[What the exercise asks] Please return the listing below exactly, without any of its pictures.
^^^^^^^^
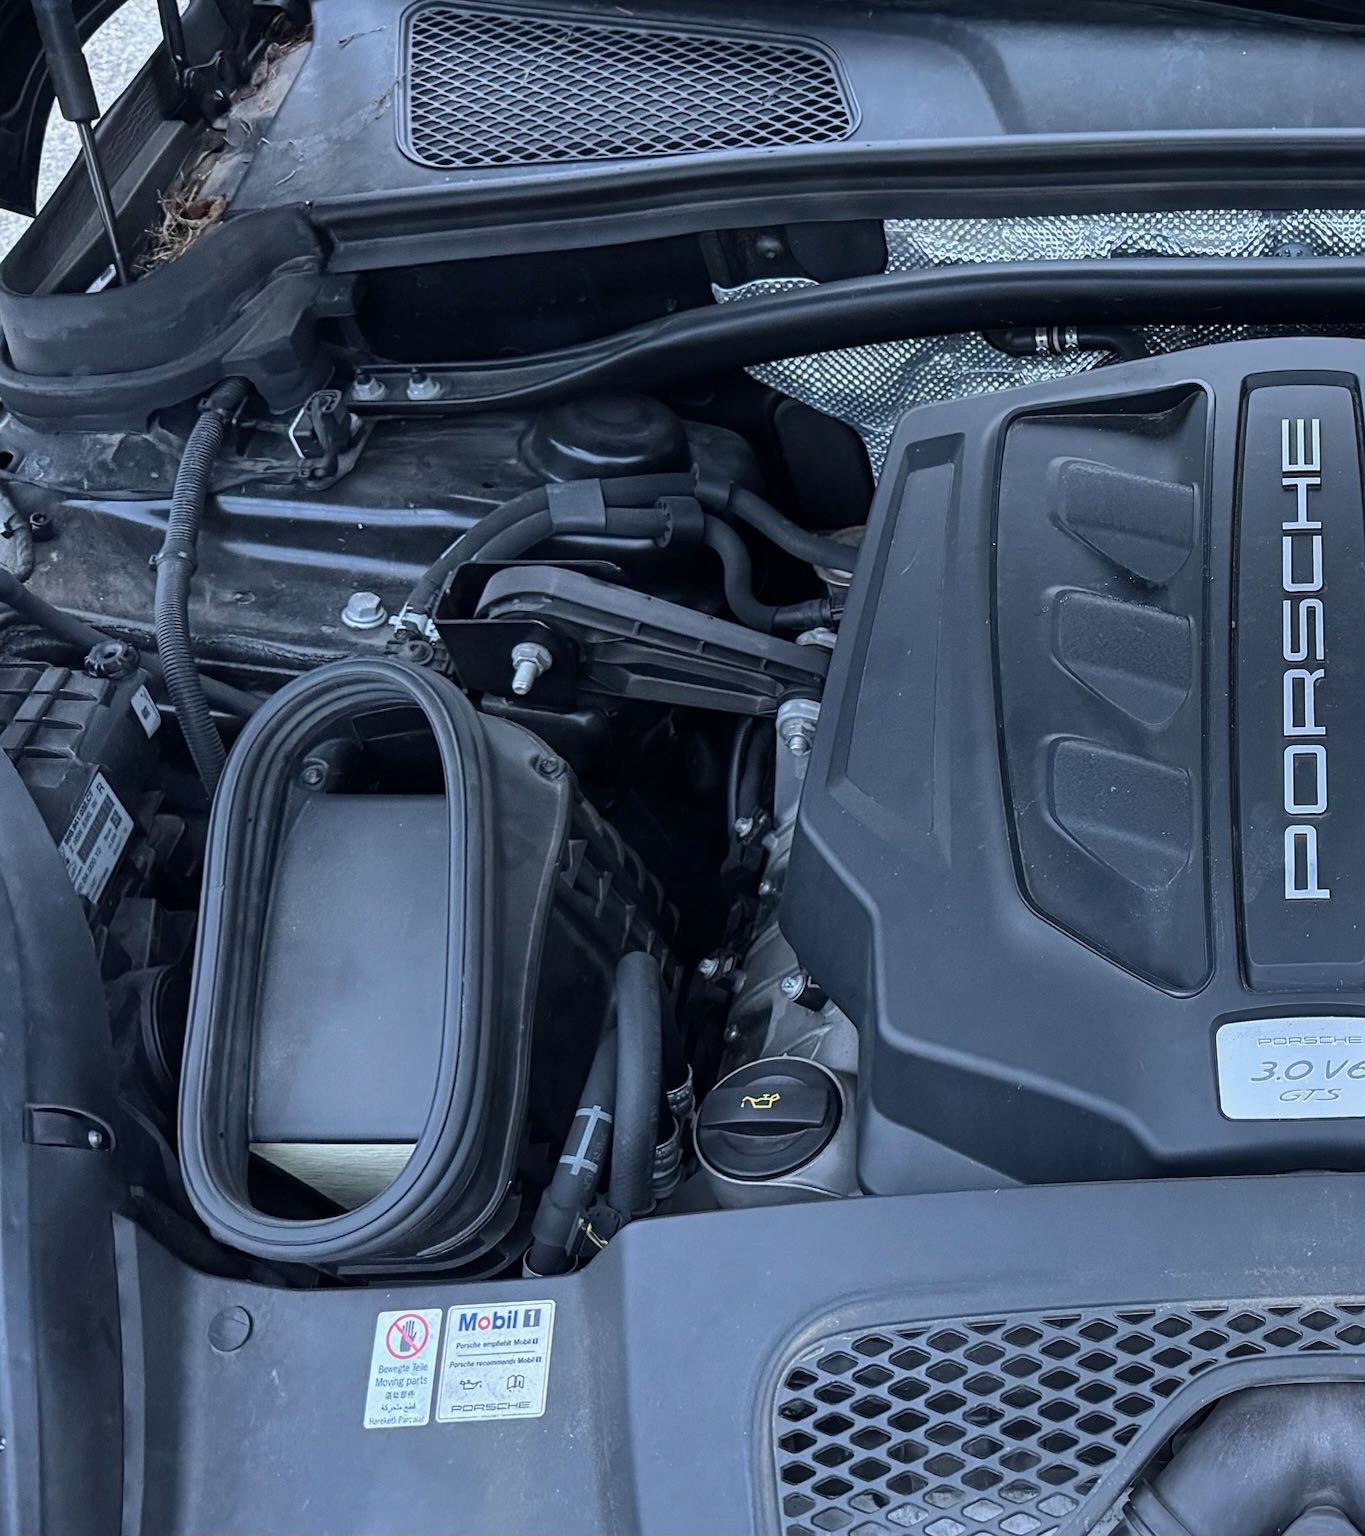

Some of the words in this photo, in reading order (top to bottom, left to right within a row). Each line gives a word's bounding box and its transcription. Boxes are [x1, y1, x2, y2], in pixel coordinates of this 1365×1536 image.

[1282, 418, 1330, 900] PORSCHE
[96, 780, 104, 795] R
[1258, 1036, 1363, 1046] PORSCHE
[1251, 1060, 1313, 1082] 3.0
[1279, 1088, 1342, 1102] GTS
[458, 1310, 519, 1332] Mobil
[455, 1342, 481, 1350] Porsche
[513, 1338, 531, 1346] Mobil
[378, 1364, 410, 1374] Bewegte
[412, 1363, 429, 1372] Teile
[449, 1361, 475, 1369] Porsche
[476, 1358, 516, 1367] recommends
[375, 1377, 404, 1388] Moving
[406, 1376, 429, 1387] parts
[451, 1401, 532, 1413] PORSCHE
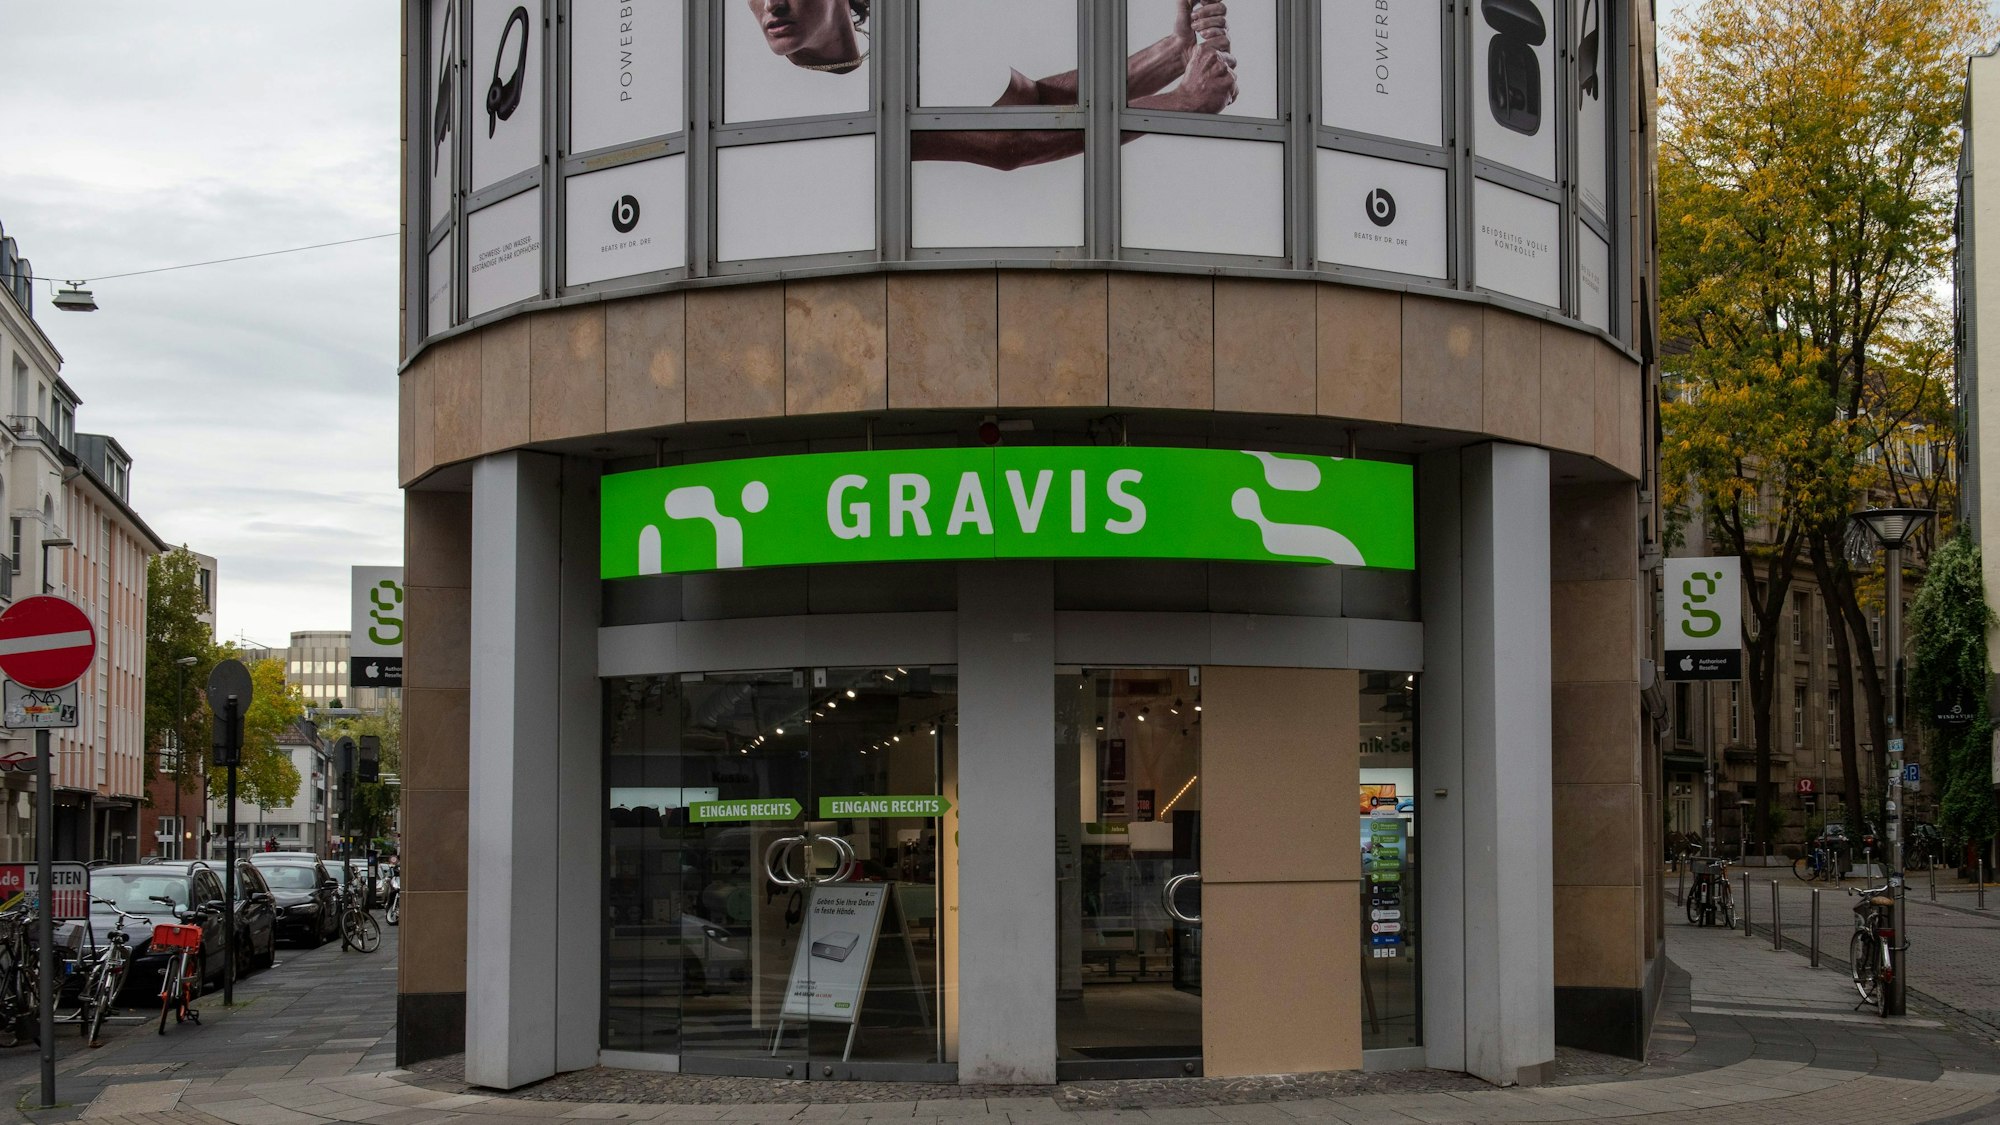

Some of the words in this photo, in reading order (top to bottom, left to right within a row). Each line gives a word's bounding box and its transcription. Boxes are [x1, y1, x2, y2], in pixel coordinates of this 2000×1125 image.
^^^^^^^^
[Output below]
Some of the words in this photo, in reading order (top to bottom, left to right within a row). Each line gives a word's bounding box and its transcription. Boxes are [x1, y1, x2, y2], in pixel coordinates of this 1365×1536 image.

[1282, 418, 1330, 900] PORSCHE
[96, 780, 104, 795] R
[1258, 1036, 1363, 1046] PORSCHE
[1251, 1060, 1313, 1082] 3.0
[1279, 1088, 1342, 1102] GTS
[458, 1310, 519, 1332] Mobil
[455, 1342, 481, 1350] Porsche
[513, 1338, 531, 1346] Mobil
[378, 1364, 410, 1374] Bewegte
[412, 1363, 429, 1372] Teile
[449, 1361, 475, 1369] Porsche
[476, 1358, 516, 1367] recommends
[375, 1377, 404, 1388] Moving
[406, 1376, 429, 1387] parts
[451, 1401, 532, 1413] PORSCHE

Some of the words in this photo, in reading order (top to bottom, left to right within a row). Each line gives a word's bounding box and its transcription. Boxes are [x1, y1, x2, y2], in pixel coordinates of this 2000×1125 image.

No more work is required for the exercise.